Task to carry out -> Everything below from the line with "Some of the words" through the line with "this 1366×1536 image." must be retyped exactly, except the pictures.

Task input ->
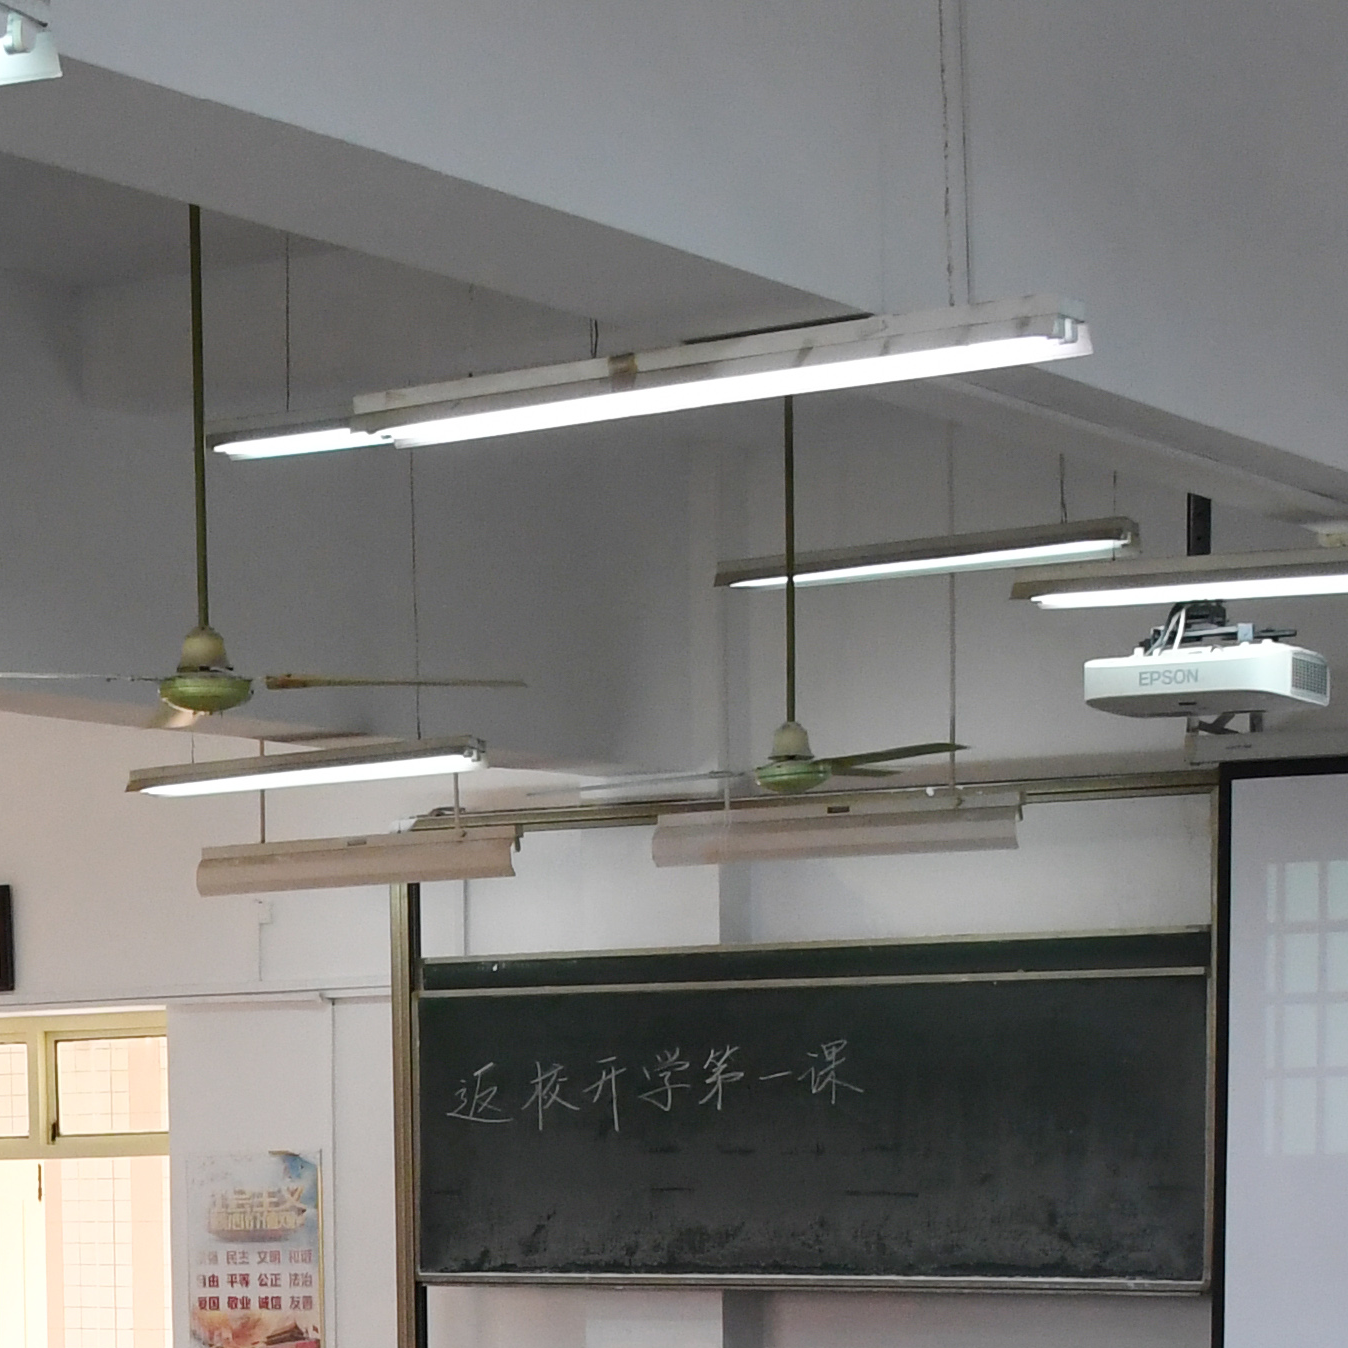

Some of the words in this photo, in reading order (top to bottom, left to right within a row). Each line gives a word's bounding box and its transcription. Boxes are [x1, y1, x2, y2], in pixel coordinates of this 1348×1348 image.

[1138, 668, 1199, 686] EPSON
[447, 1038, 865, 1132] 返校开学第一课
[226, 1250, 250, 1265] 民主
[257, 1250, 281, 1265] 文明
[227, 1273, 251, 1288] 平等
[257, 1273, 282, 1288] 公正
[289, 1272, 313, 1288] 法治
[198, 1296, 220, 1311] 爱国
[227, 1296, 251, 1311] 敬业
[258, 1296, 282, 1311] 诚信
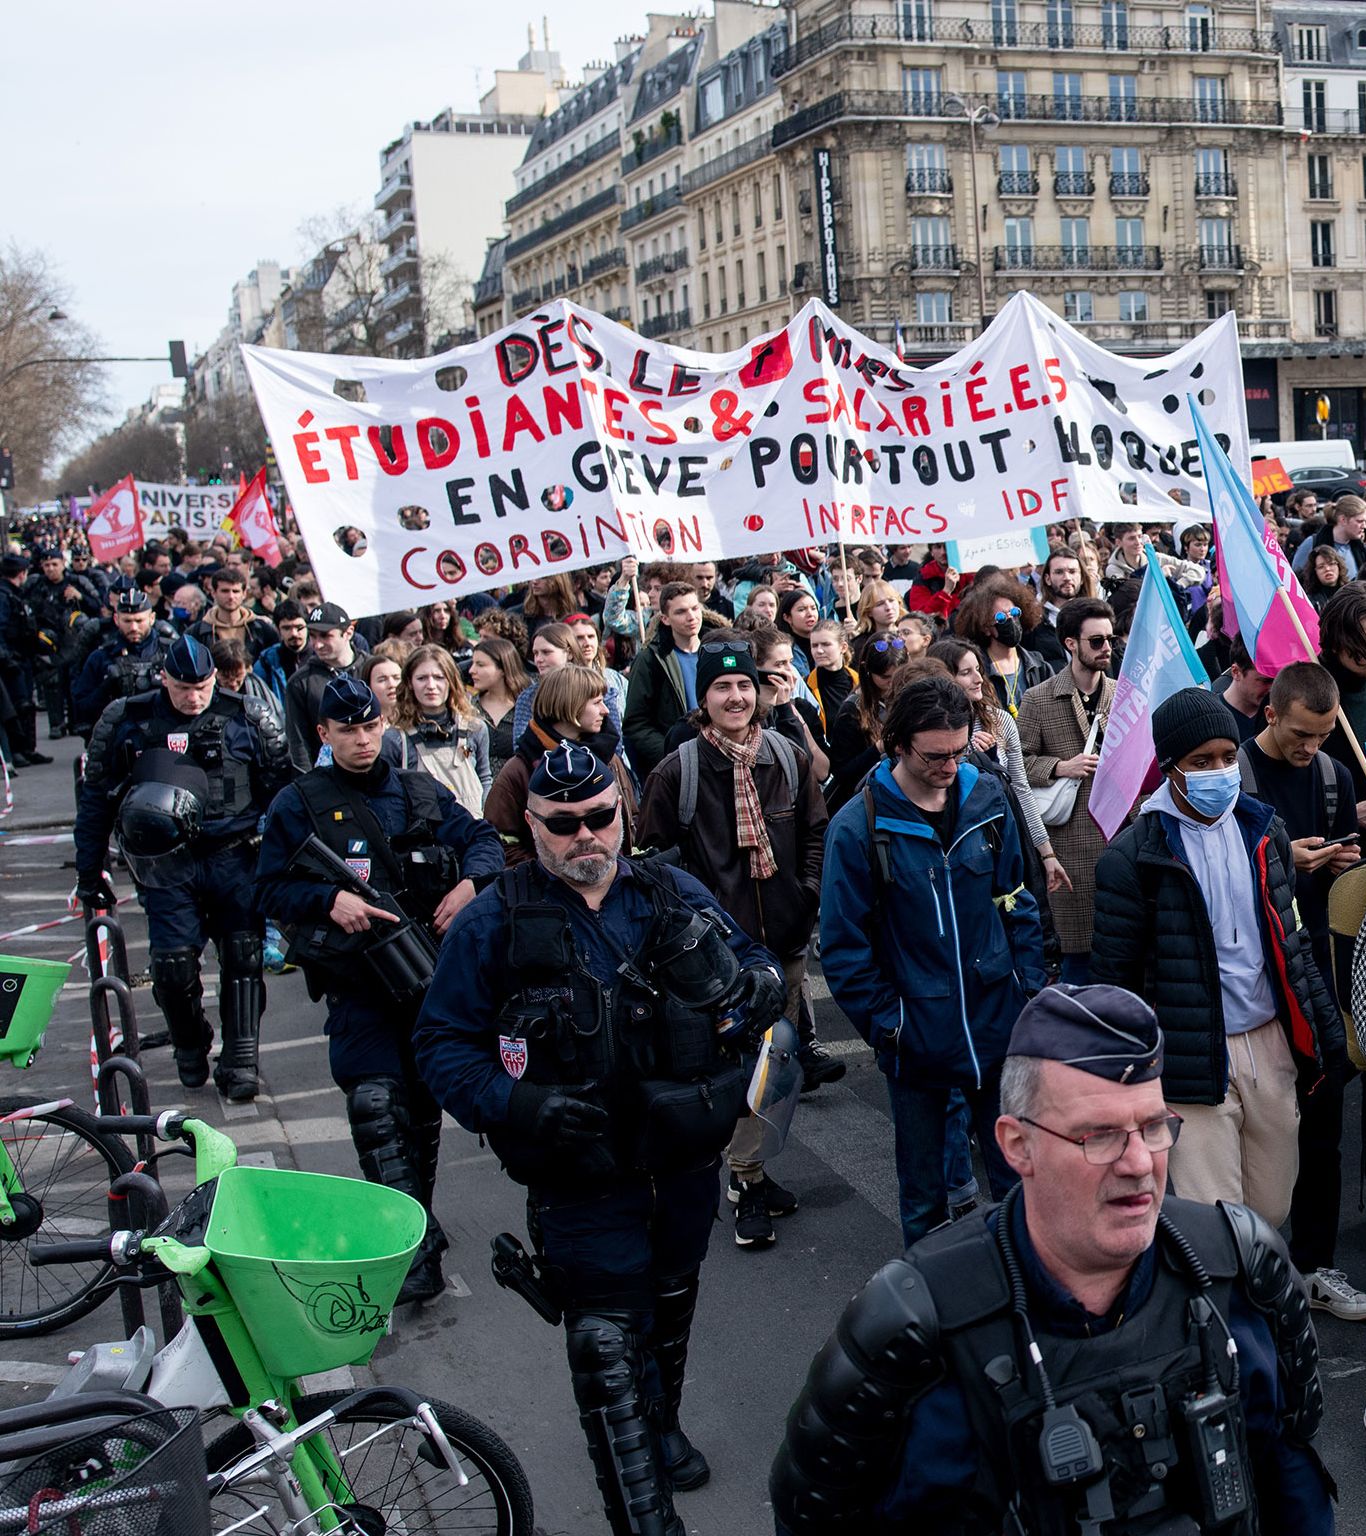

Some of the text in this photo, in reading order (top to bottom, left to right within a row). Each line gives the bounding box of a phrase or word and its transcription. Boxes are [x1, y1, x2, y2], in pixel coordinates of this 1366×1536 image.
---
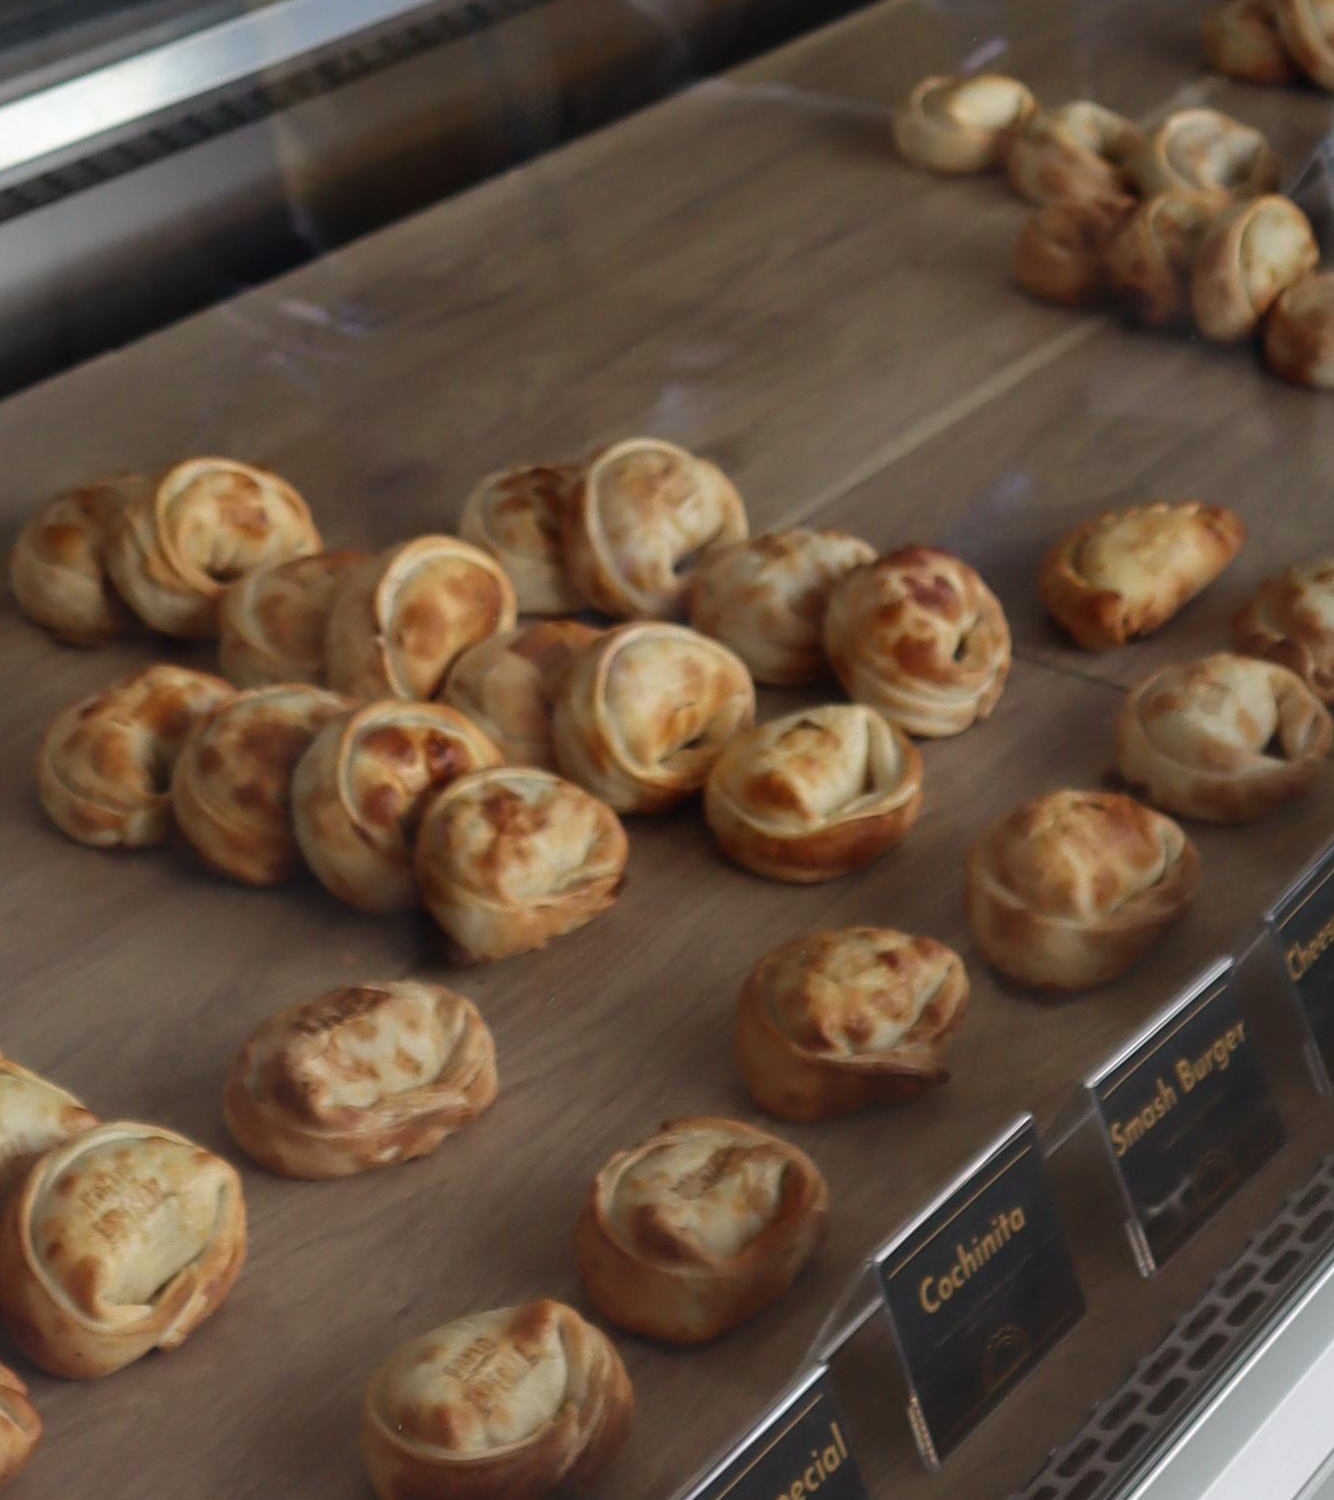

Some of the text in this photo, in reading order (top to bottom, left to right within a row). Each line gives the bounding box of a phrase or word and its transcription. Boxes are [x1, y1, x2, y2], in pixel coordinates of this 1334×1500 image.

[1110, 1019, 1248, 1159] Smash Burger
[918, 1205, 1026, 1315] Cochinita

Task result ->
Some of the words in this photo, in reading order (top to bottom, left to right within a row). Each line gives a word's bounding box and its transcription. Boxes are [x1, y1, x2, y2], in pixel coordinates of this 1348×1348 image.

[1138, 668, 1199, 686] EPSON
[447, 1038, 865, 1132] 返校开学第一课
[226, 1250, 250, 1265] 民主
[257, 1250, 281, 1265] 文明
[227, 1273, 251, 1288] 平等
[257, 1273, 282, 1288] 公正
[289, 1272, 313, 1288] 法治
[198, 1296, 220, 1311] 爱国
[227, 1296, 251, 1311] 敬业
[258, 1296, 282, 1311] 诚信

Some of the text in this photo, in reading order (top to bottom, left to right within a row). Each line gives the bounding box of a phrase or word and its transcription. Boxes are [x1, y1, x2, y2], in pixel coordinates of this 1366×1536 image.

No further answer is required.